Several studies have empirically tested transaction cost predictions on vertical

integration in the auto industry. In general, measures of asset specificity, uncertainty,

frequency, complexity are modeled to assess their predicted effect on the dependent

variable, often a dichotomous measure of integration, occasionally a continuous measure.

Overall, the results from these studies support the theory. Asset specificity, particularly

specialized technical know-how, uncertainty, as well as the size of appropriable quasi

rents, all have positive effects on the integration decision.

Monteverde and Teece (1982a) collected information on 133 components to

reveal a statistically significant positive relationship between the engineering effort

(proxy for size of appropriable quasi rents), the specificity of a component and the

likelihood that the component is produced in-house as opposed to procured from an

external supplier.

The dependent variable was a dichotomous dummy variable which measured

whether a component was sourced internally or externally. Since GM, Ford, and other

auto producers often use both sourcing options for a given component, the authors chose

a cutoff point of 80% to determine the value of the dependent variable. In other words, if

80% or more of a given component were manufactured in-house, then that component

was considered to be sourced internally.7

Independent variables were devised as follows. To measure engineering effort,

the authors surveyed two experienced design engineers asking them to rate the

development cost of each component on a 10 point scale from 1 = ‘none’ to 10 = ‘a lot’.

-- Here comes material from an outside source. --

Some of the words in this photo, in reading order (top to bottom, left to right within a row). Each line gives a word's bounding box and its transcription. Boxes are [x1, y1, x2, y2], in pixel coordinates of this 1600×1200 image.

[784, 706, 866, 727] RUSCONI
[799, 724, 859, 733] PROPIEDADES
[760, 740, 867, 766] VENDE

They then measured specificity by asking officials of a replacement parts wholesaler to

categorize each of the components as either common across many manufacturers or

relatively unique8. Roughly 75% of the components were considered firm-specific. The

authors also argue that the complexity and degree of mechanical ties between

components, i.e. systems effects, should also have a positive effect on integration due to

7 Further analysis revealed that the results held even if cutoff point shifted plus/minus 10%.8 From Monteverde and Teece (1982a), p.209: “ The actual question was : ‘Please examine the following list of 133 automotive components and indicate which of the noncaptive items on the list could be procured as replacement units without necessarily having to know the manufacturer, make, and model of the vehicle for which the replacement is sought. That is, which of the following categories of parts may be expected to be largely common across several manufacturers’ vehicles.”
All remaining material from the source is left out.